_Task item_
Return the records exactly, with nothing added.

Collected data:
---+---
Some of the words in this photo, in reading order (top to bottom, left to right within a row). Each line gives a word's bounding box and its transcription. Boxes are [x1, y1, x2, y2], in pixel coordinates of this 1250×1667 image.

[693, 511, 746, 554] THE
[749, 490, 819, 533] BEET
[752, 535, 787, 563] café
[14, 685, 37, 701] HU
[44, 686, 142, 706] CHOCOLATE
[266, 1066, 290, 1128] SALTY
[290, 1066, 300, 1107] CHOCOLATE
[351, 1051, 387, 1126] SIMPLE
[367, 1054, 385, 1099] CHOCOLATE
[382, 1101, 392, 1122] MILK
---+---
_Result of the task_
Some of the words in this photo, in reading order (top to bottom, left to right within a row). Each line gives a word's bounding box and its transcription. Boxes are [x1, y1, x2, y2], in pixel coordinates of this 1250×1667 image.

[693, 511, 746, 554] THE
[749, 490, 819, 533] BEET
[752, 535, 787, 563] café
[14, 685, 37, 701] HU
[44, 686, 142, 706] CHOCOLATE
[266, 1066, 290, 1128] SALTY
[290, 1066, 300, 1107] CHOCOLATE
[351, 1051, 387, 1126] SIMPLE
[367, 1054, 385, 1099] CHOCOLATE
[382, 1101, 392, 1122] MILK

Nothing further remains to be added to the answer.